The objects – flints, bones and pottery - were discovered by Bob Davis, of Wessex Archaeology, who was working with the BT engineer updating a cable trench alongside the road, parallel to the two rows of giant stones which form the South (West Kennet) Avenue. Bob was there to record any significant finds uncovered during the maintenance work. While digging under the cable trench to the north end of the Avenue, Bob uncovered a small circular pit, roughly half a metre in diameter, containing cattle bones and fragments of pottery.
Similar pits had been discovered in the 1930s when Alexander Keiller carried out investigations between the stones of the Avenue and within the great henge itself. The function of these pits has remained a mystery. The deposits follow a similar pattern, with cattle bones and pottery sherds placed deliberately within the pits, suggesting that they may have been offerings to the gods.
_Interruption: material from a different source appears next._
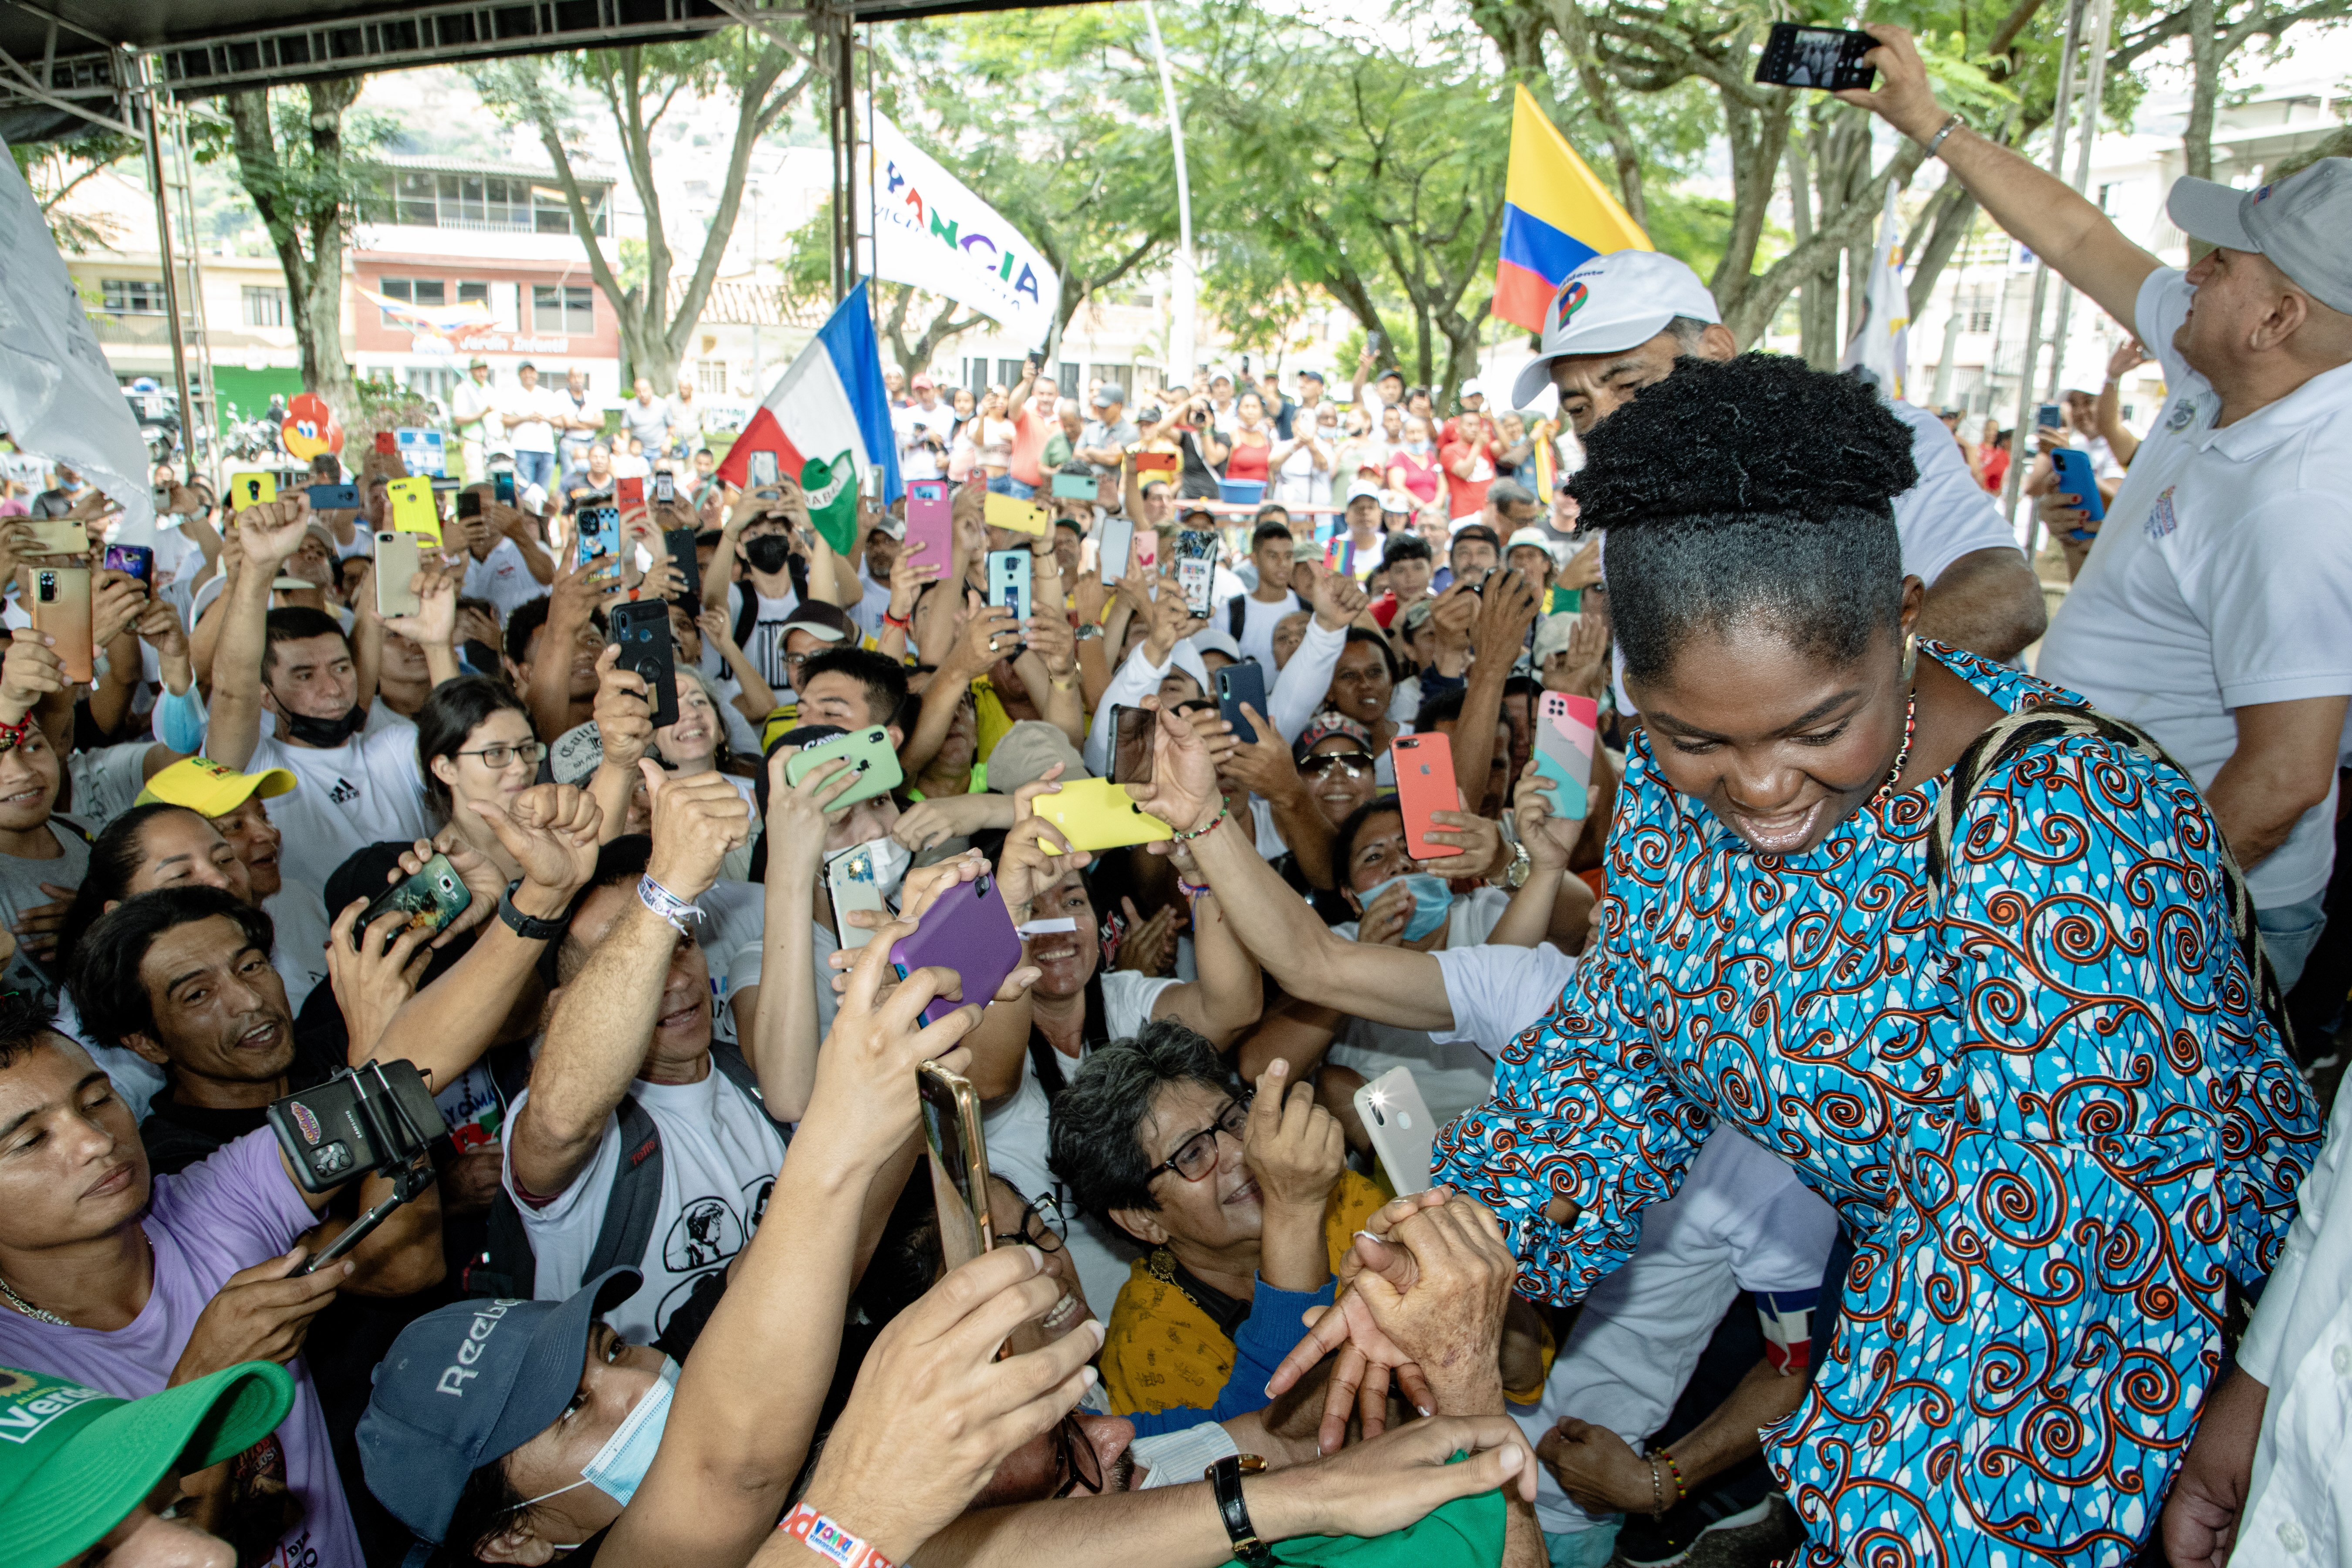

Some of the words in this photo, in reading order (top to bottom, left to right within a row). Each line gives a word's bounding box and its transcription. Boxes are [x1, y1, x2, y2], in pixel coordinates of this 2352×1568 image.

[871, 159, 1039, 305] RANCIA
[345, 1110, 363, 1139] SAMSUNG
[436, 1298, 528, 1397] Reebo
[809, 1533, 849, 1563] VICEPRESIDENTA
The pottery in this pit, as in many others in the area, is of a type known as Mortlake pottery, between 5,400 – 4,500 years old.
The cattle bones are being sent for radiocarbon dating which will give useful information about this newly discovered pit.
The South (West Kennet) Avenue at Avebury is part of one of the greatest surviving concentrations of Neolithic and Bronze Age monuments in Western Europe. The Avebury archaeological landscape, together with Stonehenge, became a World Heritage Site in 1986.
The lucky children were from three local primary schools, taking part in an education project working with Wessex Archaeology and World Heritage Sites. By a stroke of good luck their visit coincided with Bob’s work.